* WORK REQUIRED *
Every entry must be repeated exactly. Exclude all pictures.

Excerpts from a dataset:
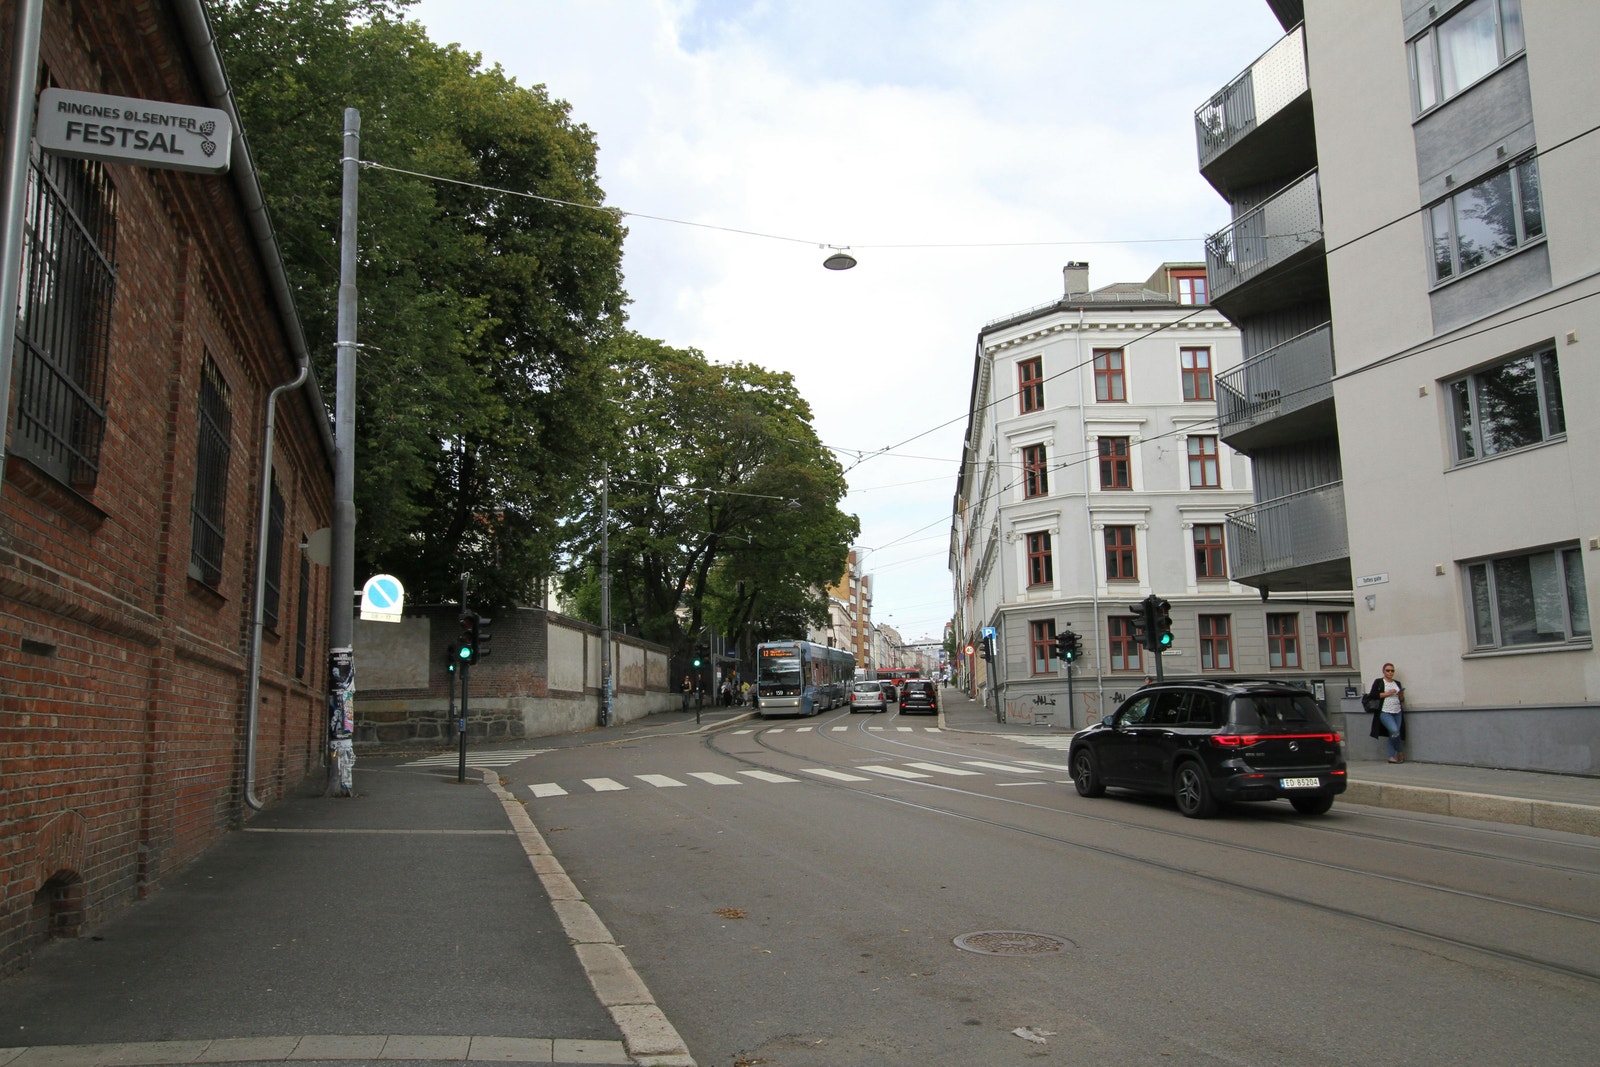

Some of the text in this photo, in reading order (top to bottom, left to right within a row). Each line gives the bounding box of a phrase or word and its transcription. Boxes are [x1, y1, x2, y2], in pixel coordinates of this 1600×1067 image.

[57, 101, 197, 130] RINGNES ØLSENTER
[65, 120, 185, 155] FESTSAL
[1285, 778, 1318, 787] ED 85204
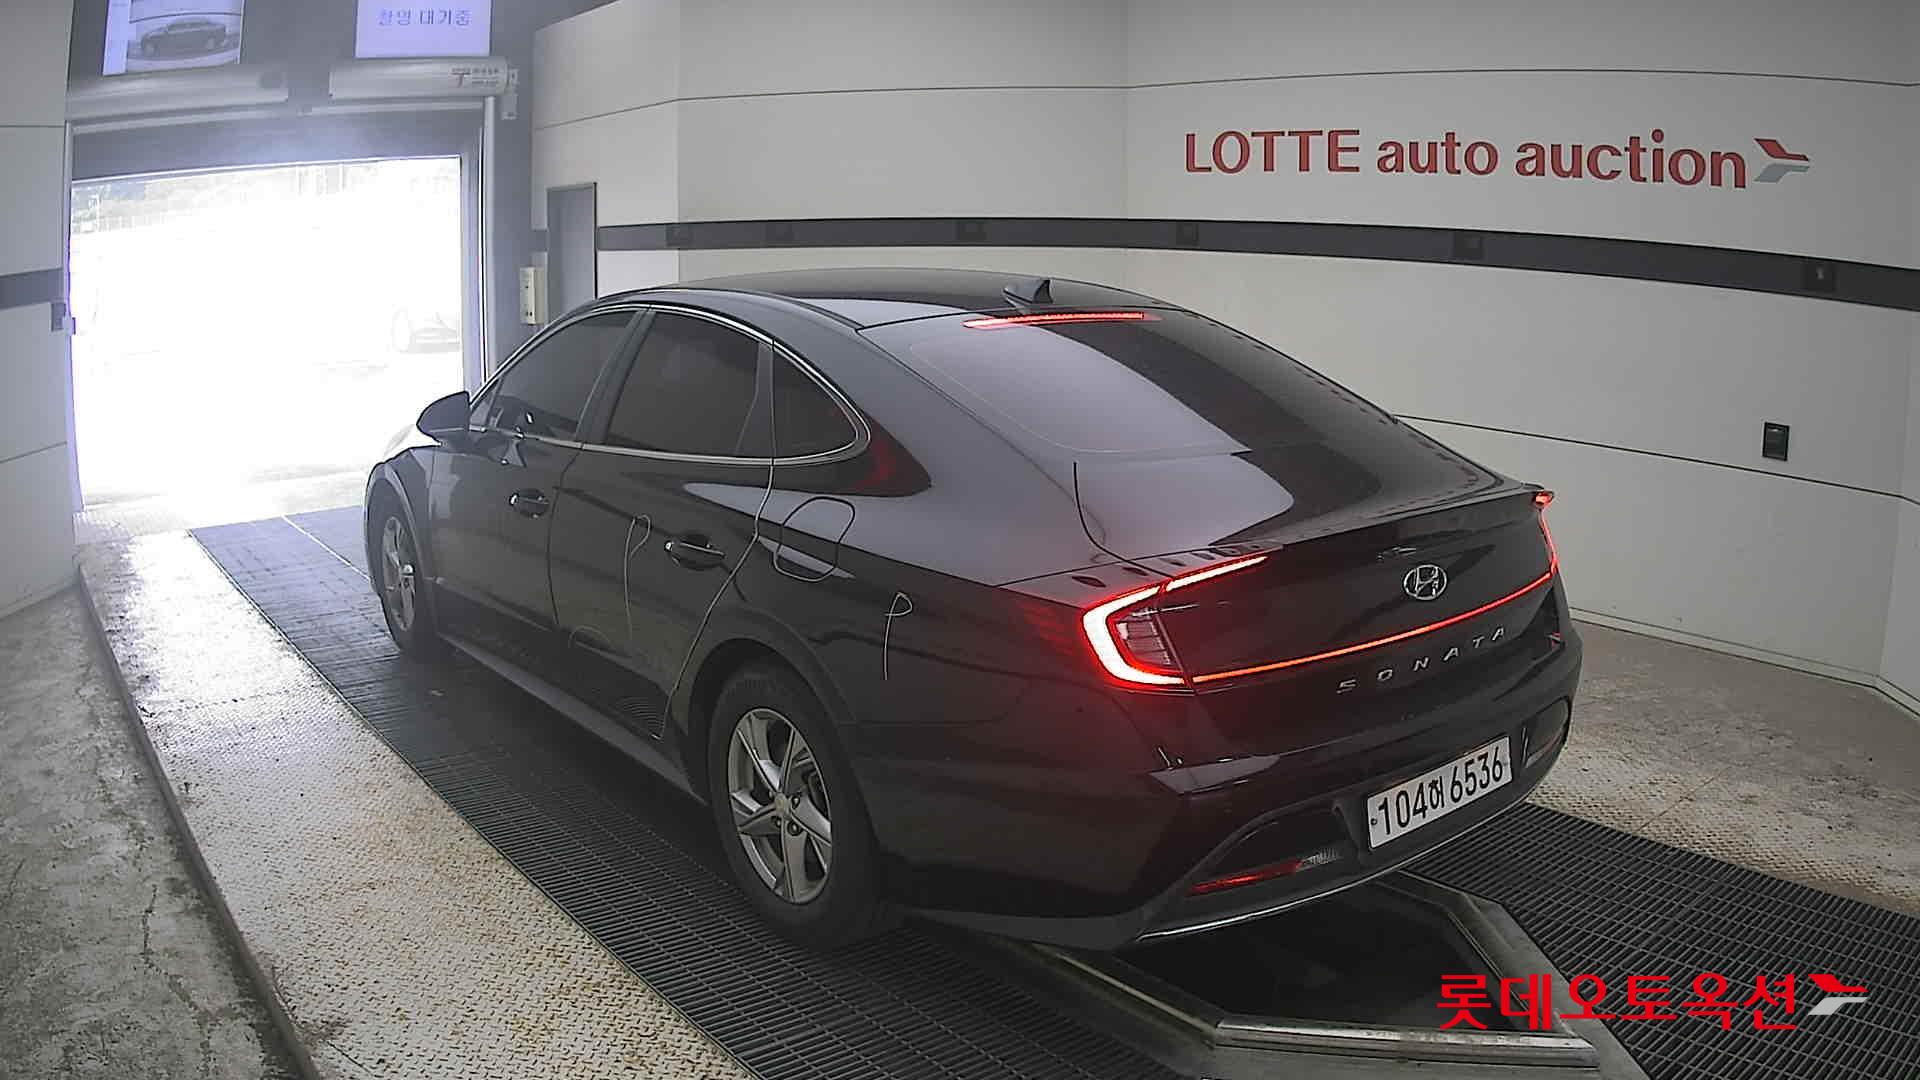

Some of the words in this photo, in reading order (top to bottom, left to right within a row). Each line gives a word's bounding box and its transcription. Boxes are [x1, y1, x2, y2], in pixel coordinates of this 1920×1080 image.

* SOLUTION FOR THIS PROBLEM *
Some of the text in this photo, in reading order (top to bottom, left to right within a row). Each line gives the bounding box of a phrase or word and its transcription. Boxes are [x1, y1, x2, y2], in pixel coordinates of this 1600×1067 image.

[57, 101, 197, 130] RINGNES ØLSENTER
[65, 120, 185, 155] FESTSAL
[1285, 778, 1318, 787] ED 85204

Some of the words in this photo, in reading order (top to bottom, left to right within a row). Each line gives a word's bounding box and its transcription. Boxes are [x1, y1, x2, y2], in pixel coordinates of this 1920×1080 image.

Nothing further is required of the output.